Access to features in serving: Feature data is also available to models in production through a feature serving API. The serving API has been designed to provide low latency access to the latest feature values.
Consistency between training and serving: Feast provides consistency by managing and unifying the ingestion of data from batch and streaming sources, using Apache Beam, into both the feature warehouse and feature serving stores. Users can query features in the warehouse and the serving API using the same set of feature identifiers.
Standardization of features: Teams are able to capture documentation, metadata and metrics about features.

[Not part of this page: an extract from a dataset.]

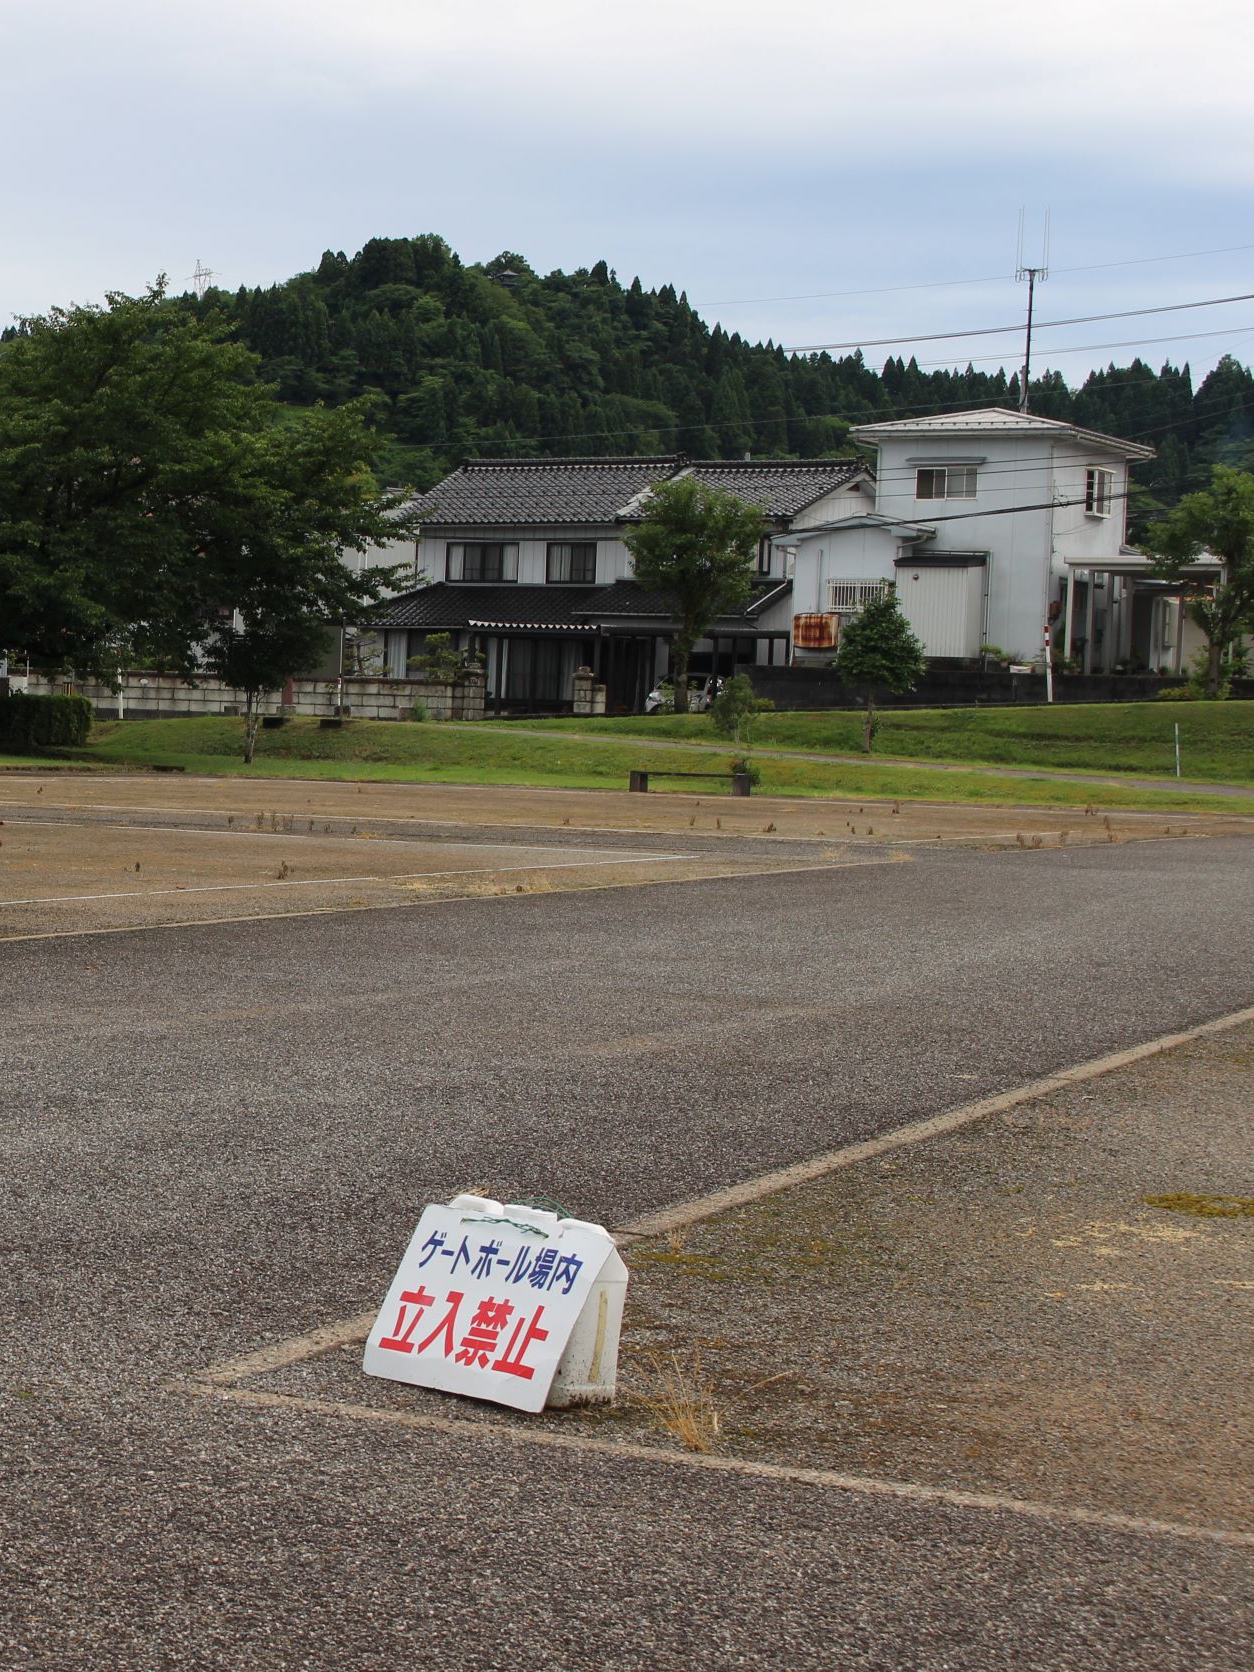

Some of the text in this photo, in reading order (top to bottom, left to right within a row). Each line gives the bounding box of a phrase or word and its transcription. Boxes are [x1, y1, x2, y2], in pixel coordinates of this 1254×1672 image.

This allows teams to communicate clearly about features, test features data, and determine if a feature is useful for a particular model.
Amazon SageMaker is investing in delivering the best experience for Machine Learning (ML) on Kubernetes by creating Kubernetes operators and Kubeflow Pipeline Components for SageMaker services. Kubernetes users will be able to use managed ML services for training, model tuning, and inference without leaving their Kubernetes environments and pipelines and without learning SageMaker APIs.
Miran makes DevOps easier giving customers the benefits of a managed service for ML in Kubernetes, without migrating their workload from Kubernetes and without learning SageMaker APIs.
Customers lower training costs by not paying for idle GPU instances. With SageMaker operators and pipeline components for training and model tuning, GPU resources are fully managed by SageMaker and utilized only for the duration of a job. Customers with 30% or higher idle GPU resources on their local self-managed resources for training would see a reduction in total cost by using SageMaker operators and pipeline components.
Customers can create hybrid pipelines with SageMaker pipeline components for Kubeflow that can seamlessly execute jobs on AWS, on-premise resources, and other cloud providers.